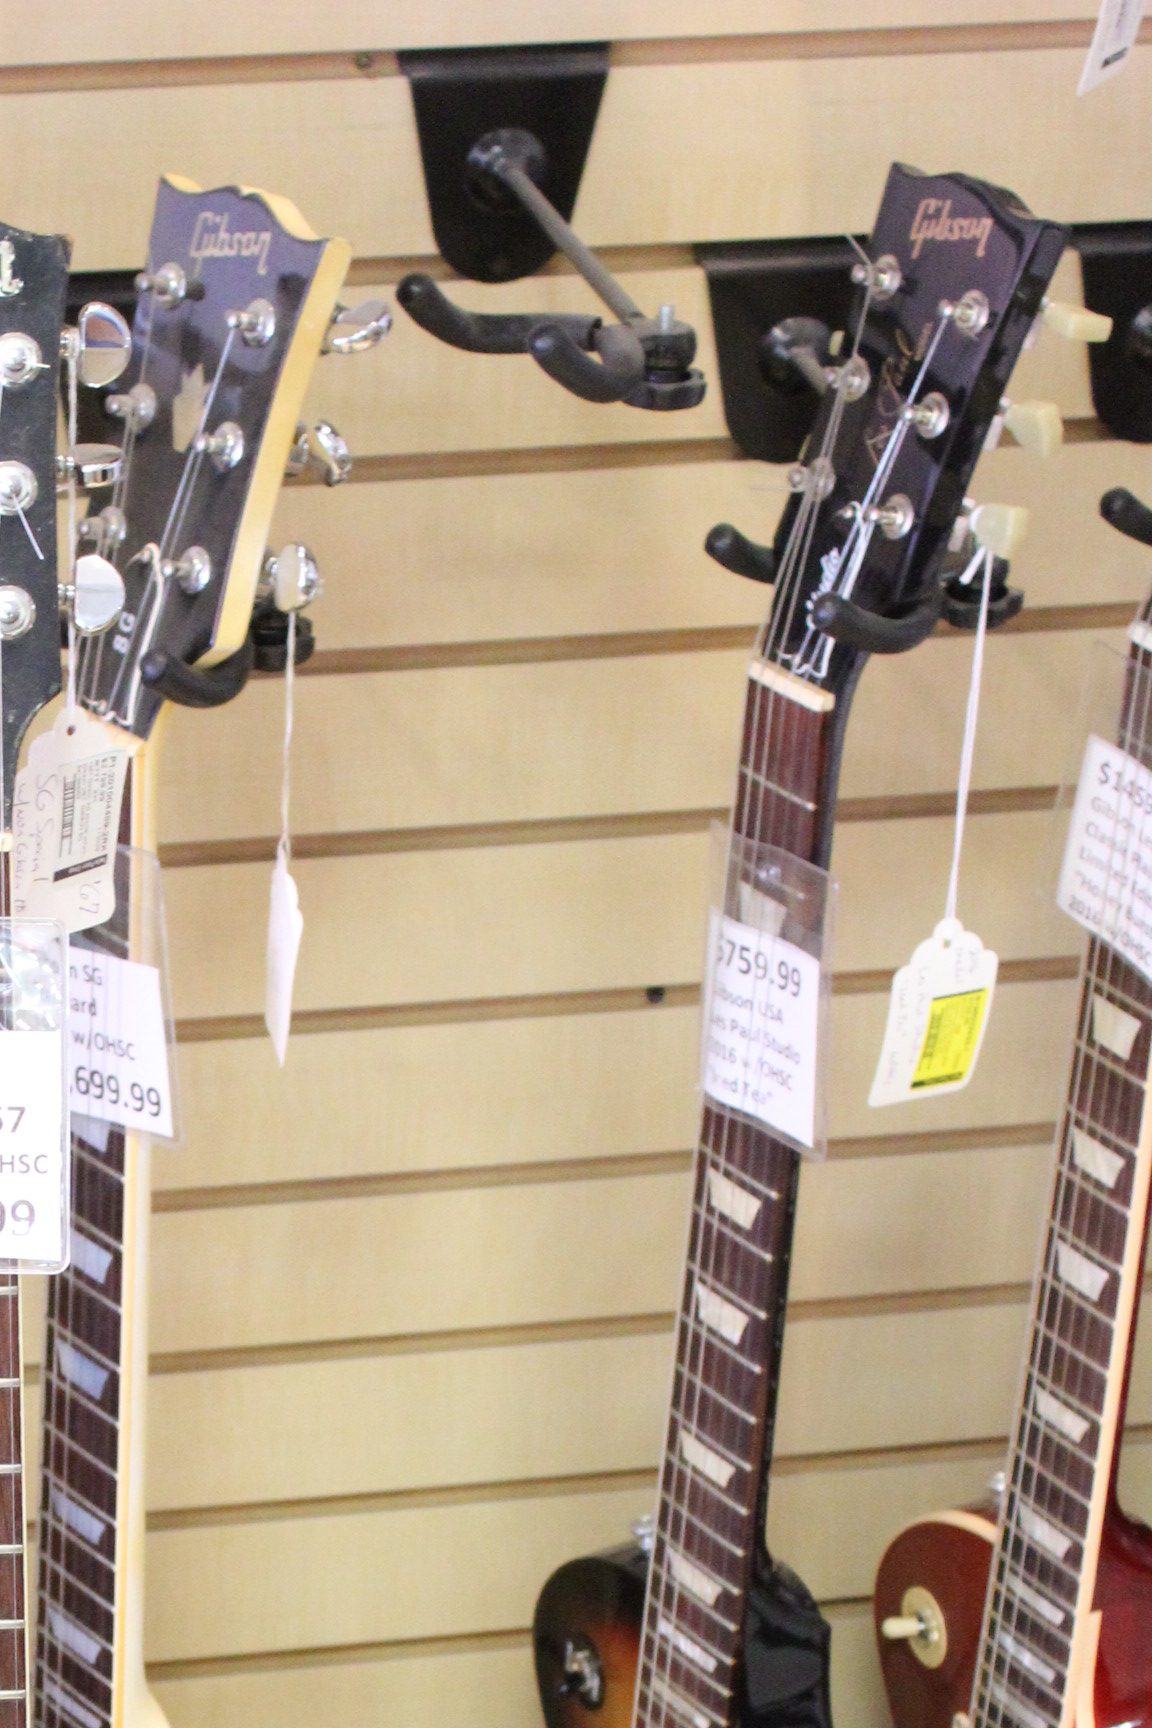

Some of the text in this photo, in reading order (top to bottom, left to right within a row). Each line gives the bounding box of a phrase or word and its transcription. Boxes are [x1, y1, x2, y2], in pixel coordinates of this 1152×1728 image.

[190, 210, 272, 276] Gibson
[910, 198, 994, 259] Gibson
[82, 964, 103, 987] SG
[758, 1001, 785, 1025] USA
[71, 1027, 136, 1061] w/OHSC
[730, 1018, 760, 1043] Paul
[70, 1065, 162, 1118] ,699.99
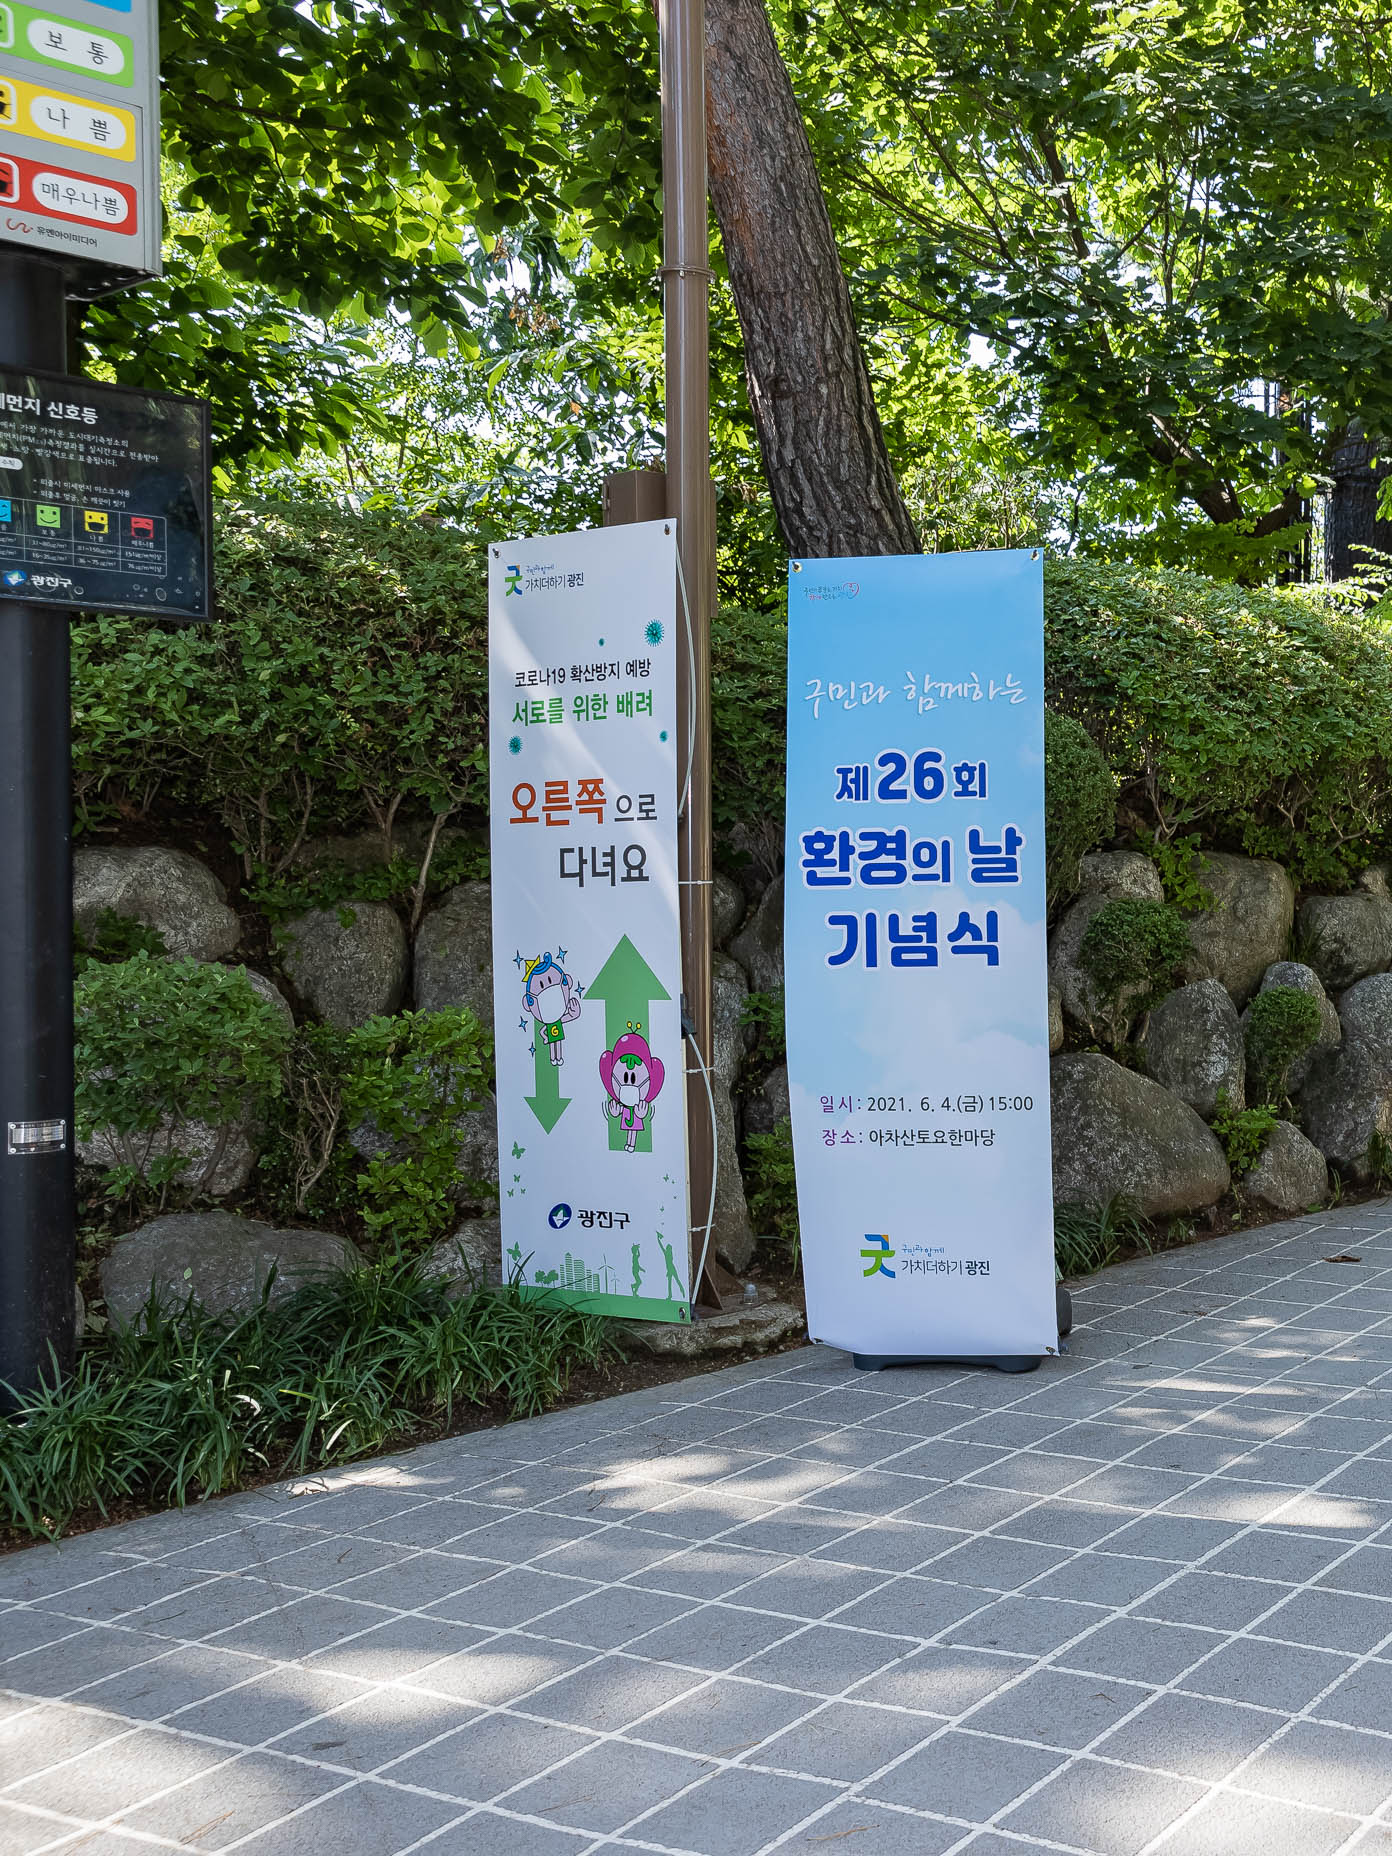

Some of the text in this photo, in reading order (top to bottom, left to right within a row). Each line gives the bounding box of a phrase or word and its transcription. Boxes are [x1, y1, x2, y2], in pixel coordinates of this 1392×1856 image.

[42, 182, 120, 217] 매우나쁨
[47, 401, 99, 425] 신호등
[31, 575, 72, 588] 광진구
[526, 572, 584, 591] 가치더하기 광진
[514, 657, 651, 688] 코로나19 확산방지 예방
[512, 688, 653, 727] 서로를 위한 배려
[805, 671, 1028, 719] 구민과 함께하는
[835, 750, 987, 802] 제26회
[509, 777, 658, 827] 오른쪽 으로
[559, 844, 650, 888] 다녀요
[802, 825, 1024, 887] 환경의 날
[827, 911, 1000, 969] 기념식
[867, 1097, 912, 1113] 2021.
[989, 1096, 1034, 1111] 15:00
[869, 1128, 996, 1147] 아차산토요한마당
[577, 1209, 631, 1229] 광진구
[901, 1259, 990, 1276] 가치더하기 광진

-----

▶ _WORK INSTRUCTION_: Retype all the data exactly; skip the pictures.

▶ _RESPONSE TO THIS TASK_:
Some of the text in this photo, in reading order (top to bottom, left to right within a row). Each line gives the bounding box of a phrase or word and its transcription. Boxes are [x1, y1, x2, y2], in pixel coordinates of this 1152×1728 image.

[190, 210, 272, 276] Gibson
[910, 198, 994, 259] Gibson
[82, 964, 103, 987] SG
[758, 1001, 785, 1025] USA
[71, 1027, 136, 1061] w/OHSC
[730, 1018, 760, 1043] Paul
[70, 1065, 162, 1118] ,699.99

Some of the text in this photo, in reading order (top to bottom, left to right within a row). Each line gives the bounding box of a phrase or word and its transcription. Boxes are [x1, y1, x2, y2], in pixel coordinates of this 1392×1856 image.

[42, 182, 120, 217] 매우나쁨
[47, 401, 99, 425] 신호등
[31, 575, 72, 588] 광진구
[526, 572, 584, 591] 가치더하기 광진
[514, 657, 651, 688] 코로나19 확산방지 예방
[512, 688, 653, 727] 서로를 위한 배려
[805, 671, 1028, 719] 구민과 함께하는
[835, 750, 987, 802] 제26회
[509, 777, 658, 827] 오른쪽 으로
[559, 844, 650, 888] 다녀요
[802, 825, 1024, 887] 환경의 날
[827, 911, 1000, 969] 기념식
[867, 1097, 912, 1113] 2021.
[989, 1096, 1034, 1111] 15:00
[869, 1128, 996, 1147] 아차산토요한마당
[577, 1209, 631, 1229] 광진구
[901, 1259, 990, 1276] 가치더하기 광진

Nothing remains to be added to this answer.